Sunday, December 13, 2020

Talent Trust Announces 2020 Special Award Winners

Talent Trust grants $44,000 in Awards at 2020 Special Awards Ceremony

K'JIPUKTUK/HALIFAX, NS - The Nova Scotia Talent Trust (NSTT) recognized their 2020 scholarship and Special Award recipients at 2 p.m. on Sunday, December 13, 2020, virtually in a ceremony which included greetings by His Honour The Honourable Arthur J. LeBlanc, ONS, QC, Lieutenant Governor of Nova Scotia.

Created to support the career of contralto Portia White 76 years ago, the Talent Trust has continued to support talented Nova Scotian artists as they pursue their studies toward establishing professional careers in the arts.

Halifax dancer Sahara Nyathi received the $1,500 Talent Trust Lieutenant Governor’s Award for Artistic Achievement, the NSTT’s highest honour for a student in any discipline. Nyathi studies ballet at the Maritime Dance Academy (Halifax).

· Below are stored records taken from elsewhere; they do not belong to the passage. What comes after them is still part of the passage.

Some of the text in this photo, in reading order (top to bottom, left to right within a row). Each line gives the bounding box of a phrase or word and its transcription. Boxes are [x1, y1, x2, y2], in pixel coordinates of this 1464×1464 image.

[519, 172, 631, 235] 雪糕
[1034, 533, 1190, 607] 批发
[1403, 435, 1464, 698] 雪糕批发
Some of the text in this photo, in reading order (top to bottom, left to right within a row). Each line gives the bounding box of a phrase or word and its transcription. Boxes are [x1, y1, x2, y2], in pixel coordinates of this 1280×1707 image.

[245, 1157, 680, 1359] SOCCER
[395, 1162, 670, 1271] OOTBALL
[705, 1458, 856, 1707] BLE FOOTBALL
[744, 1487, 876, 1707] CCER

Presented for the first time in 2013, the two 2011 Canada Games Young Artist of Excellence Awards, valued at $10,000 each, will be awarded to any recipient, regardless of age, from any artistic discipline, who best exemplifies the qualities embraced by the Nova Scotia Talent Trust, that of the utmost commitment, promise, exceptional technique, talent and the highest achievement of excellence, someone who demonstrates the passion and drive to become a professional Nova Scotia artist in their field of discipline. These two awards will be granted every December until 2022 and are the legacy of the 2011 Canada Games Young Artists of Excellence Program.

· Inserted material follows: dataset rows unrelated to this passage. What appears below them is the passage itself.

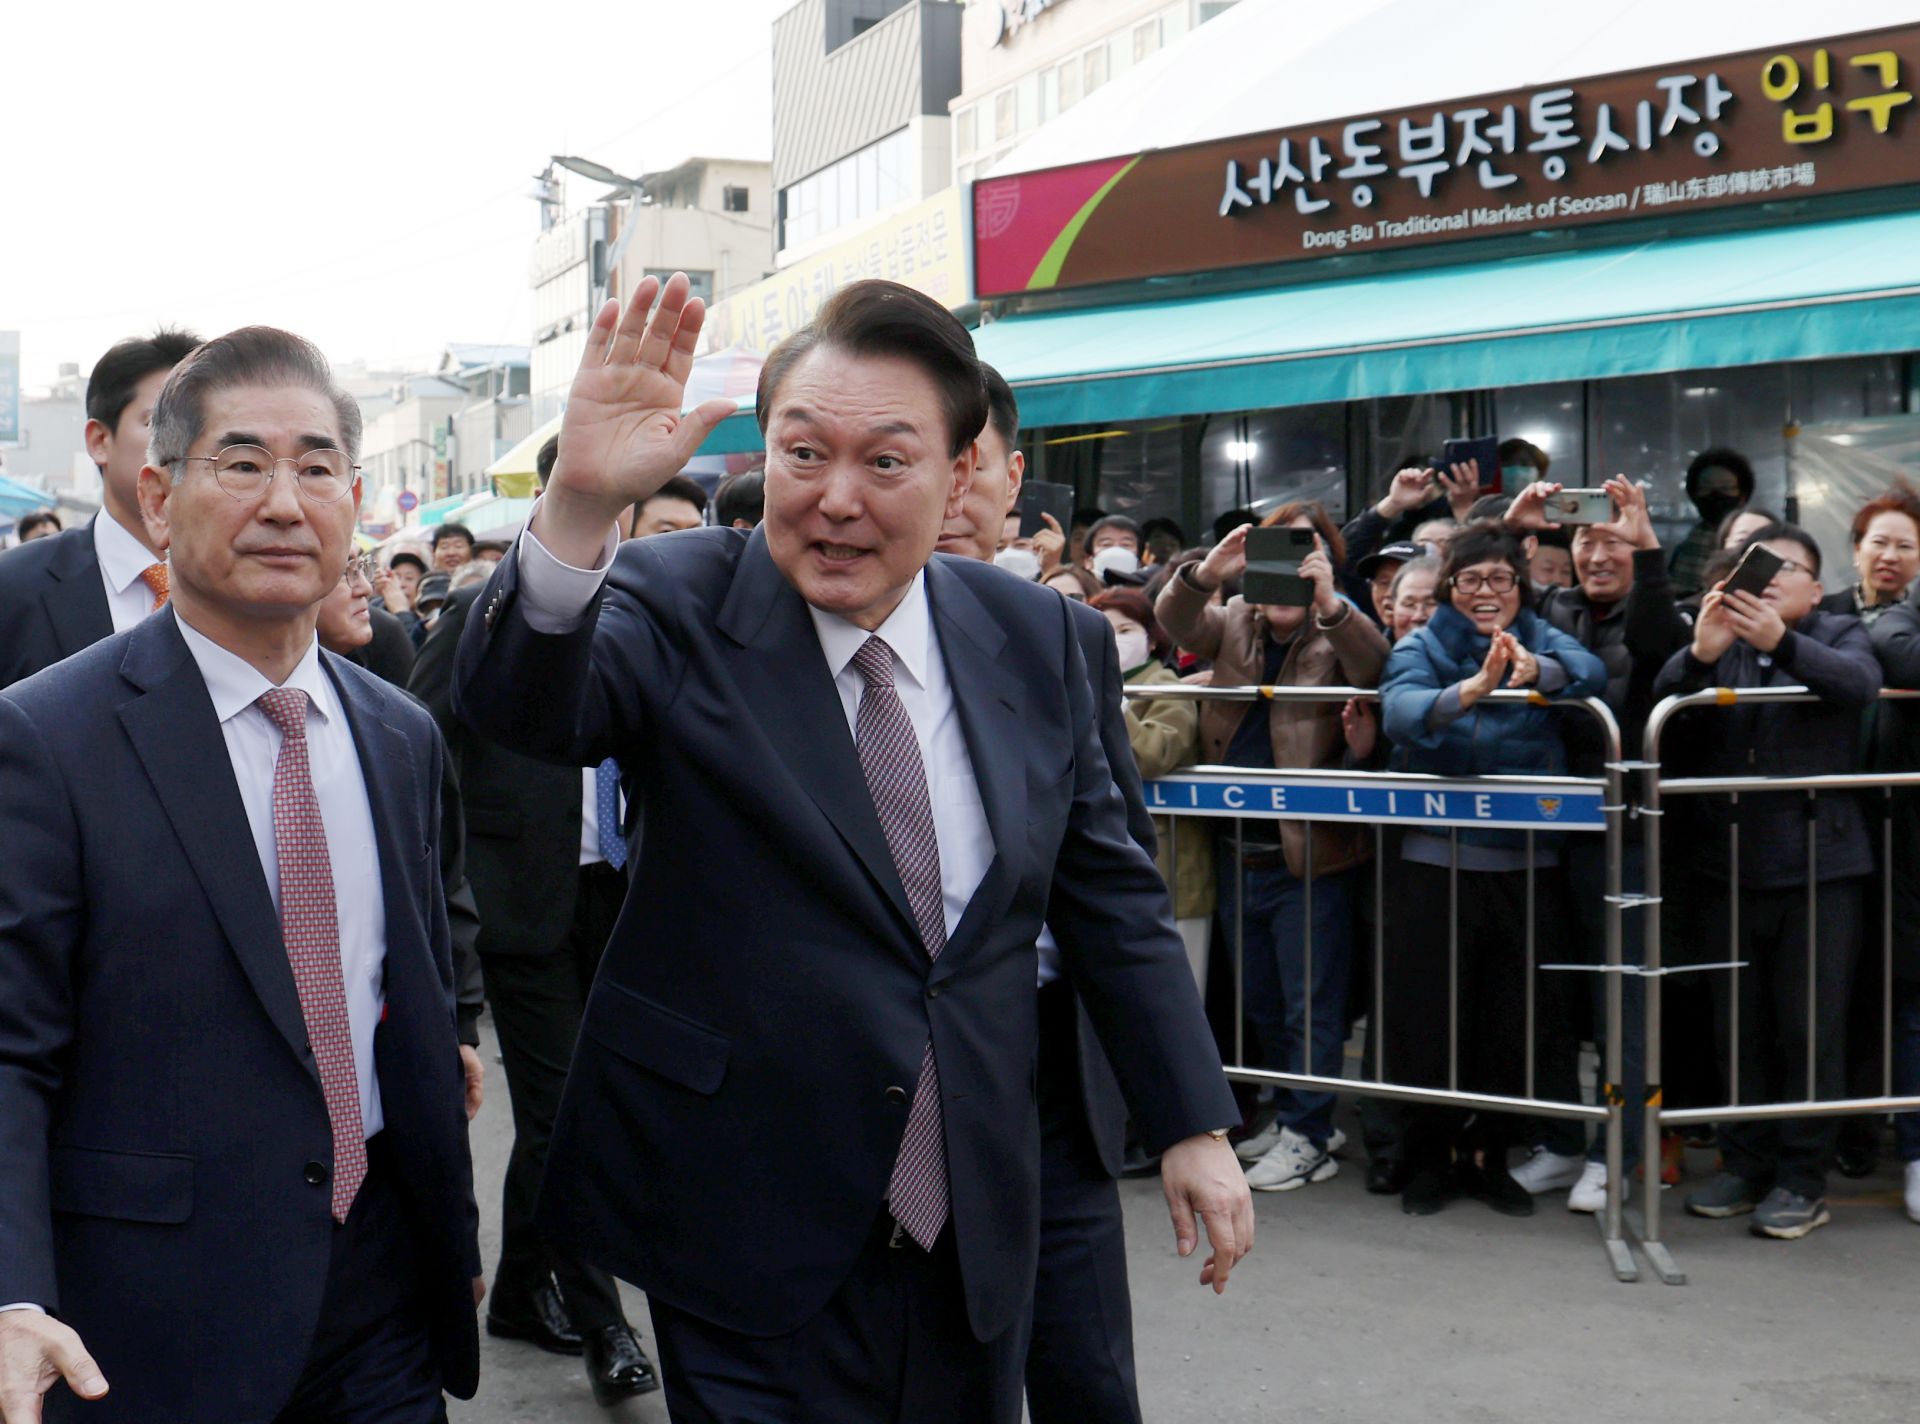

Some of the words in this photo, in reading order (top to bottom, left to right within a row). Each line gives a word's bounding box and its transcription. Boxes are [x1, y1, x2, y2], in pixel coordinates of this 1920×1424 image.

[1218, 73, 1732, 217] 서산동부전통시장
[1761, 48, 1912, 144] 입구
[1303, 222, 1374, 250] Dong-Bu
[1377, 209, 1468, 239] Traditional
[1472, 201, 1533, 226] Market
[1536, 196, 1556, 218] of
[1558, 190, 1628, 216] Seosan
[1629, 185, 1641, 212] /
[1153, 783, 1287, 811] LICE
[1347, 789, 1492, 819] LINE

In 2020, the two $10,000 awards were received by Dartmouth flutist Amelia Bruce and creative writer Amanda Peters from Falmouth.
Amelia Bruce (Dartmouth), 2020 recipient of a 2011 Canada Games Young Artist of Excellence Award, is currently completing her final semester of studies (Master of Music/Flute Performance) at McGill Schulich School of Music (Montreal, Quebec). 
Amanda Peters (Falmouth), 2020 recipient of a 2011 Canada Games Young Artist of Excellence Award, is completing her Master in Fine Arts in Creative Writing at the Institute of American Indian Arts (Santa Fe, New Mexico).
Today, the Talent Trust had the pleasure to present two new awards.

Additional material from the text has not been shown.